Abusing Go, AWS Lambda and bloom filters to make a true Australian serverless search engine

Who are you?

"Officially" technical lead/principal at Kablamo but a "code monkey" at heart.

I blog boyter.org code free software github/boyter/ I run searchcode.com also on the x.com @boyter activitypub @boyter@honk.boyter.org

https://boyter.org/

Everything is there, so feel free to go to sleep

My hobby; search engines

early termination, syntax highlighting, matching, snippet extraction, rate limiting, index, bot detection, ranking, distributed algorithms, caching, tokenization, string searching, regular expressions, data structures, line detection, duplicate detection, literal extraction, unicode, case insensitive matching etc...

searchcode.com

Lambda/Serverless Weaknesses

  • Persistance
  • Performance
Never do at runtime what you can do at compile time.

The idea!

Compile the index INTO the lambda and deploy that

  • 50 MB zipped binary
  • 75 GB of space to store all your lambda's
  • AWS Lambda 1,000,000 free requests per month
  • AWS Lambda 400,000 seconds of compute time per month

Proving the theory

Brute Force

package main

func main() {
	index := []string{
		"Memcached vs Redis - More Different Than You Would Expect",
		"You Don't Need a Library for File Walking in Go",
		// ... 99,997 more ...
		"Lessons Learnt Building for the Atlassian Marketplace",
	}

	for _, x := range index {
		strings.Contains(x, "searchterm")
	}
}

This does not work...

Several seconds per search...

Add an index

Structured list. Keys point at data so searches are faster.

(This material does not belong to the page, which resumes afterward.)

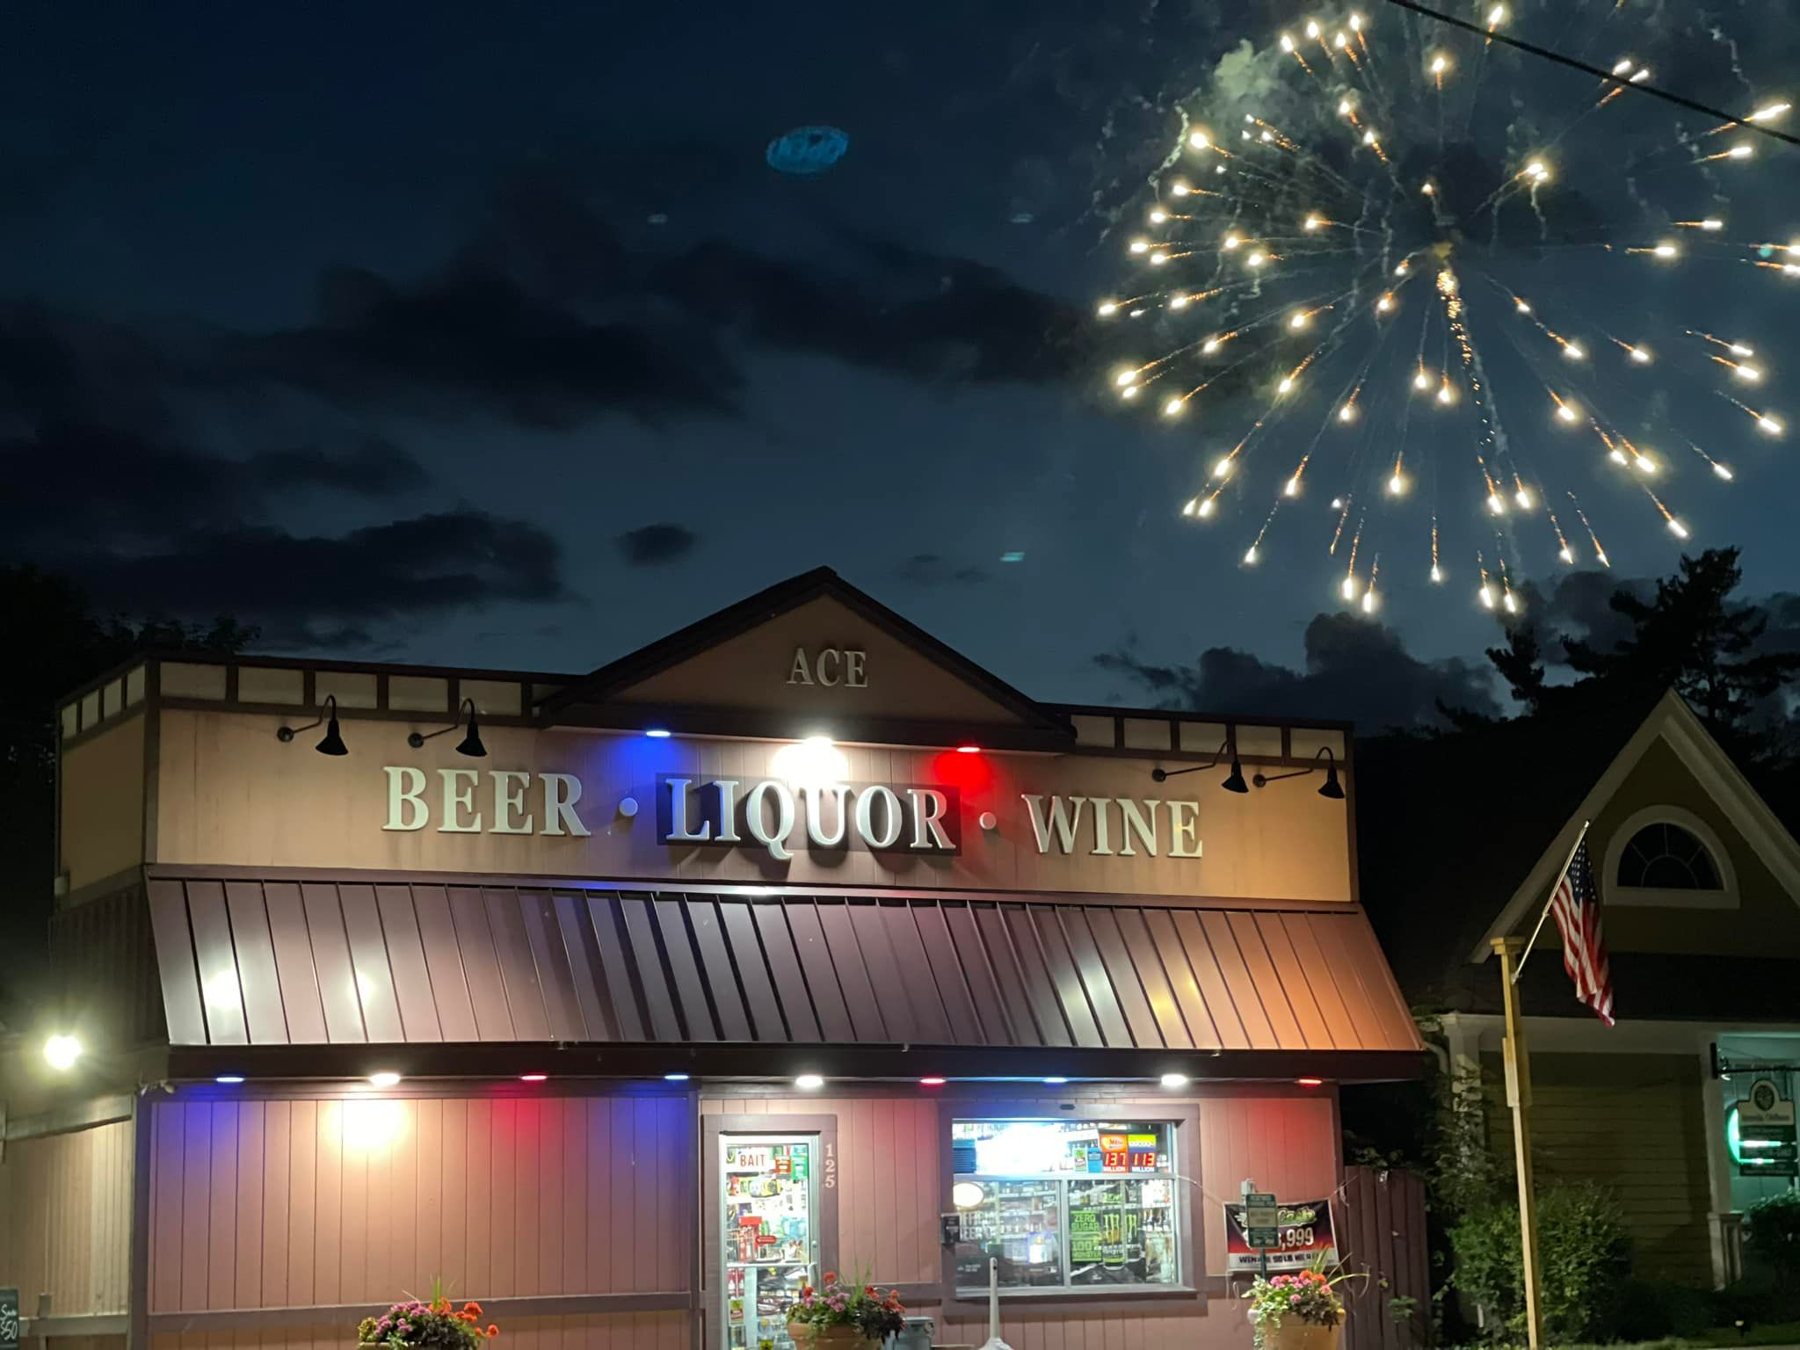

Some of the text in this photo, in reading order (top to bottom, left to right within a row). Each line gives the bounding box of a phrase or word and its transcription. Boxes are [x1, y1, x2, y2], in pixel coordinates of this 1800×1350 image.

Given a term, return id's which contain it.

Textbook 101 index


index = map[string][]int{
	"serverless": []int{3,1337},
	"days": []int{1,2,3,4,5,6,1337},
	"brimful": []int{7,45},
	"asha": []int{45},
}

not compressed, list walking can be slow

Add Complexity

My attempt

Two turkeys taped together does not make an eagle.

How about bloom filters?

A.K.A Bitsliced signatures

Bloom filter: Empty

16 boolean's in an array

Add

Hash the term 3 times and set the bits

Add second

3 more bits set

Overlapping bits

"big" and "dog" share 2 bits

Hit

hash "big" and check bits

Miss

one bit position is 0 so miss

False Positive

"big" and "yellow" supplied bits

Bloom filter: search

8 bit bloom filter

Check bit positions 1 and 7. Document 4 matches.

for each bloomfilter
	for each bit
		check if bit location in filter is set
	if all matching bits are set
		record possible match

Advantages

  • Compressed. Only using several bits per term!
  • Just arrays of bools, easy to embed in code

Problem

8x overhead per bit because of how languages work...

Illustration

Can we do better?

In theory; theory and practice are the same. In practice they arent.

Bitfunnel

Good enough for Dan Luu? Good enough for you.

Fixes

Rotate the filter. Documents now on columns not rows.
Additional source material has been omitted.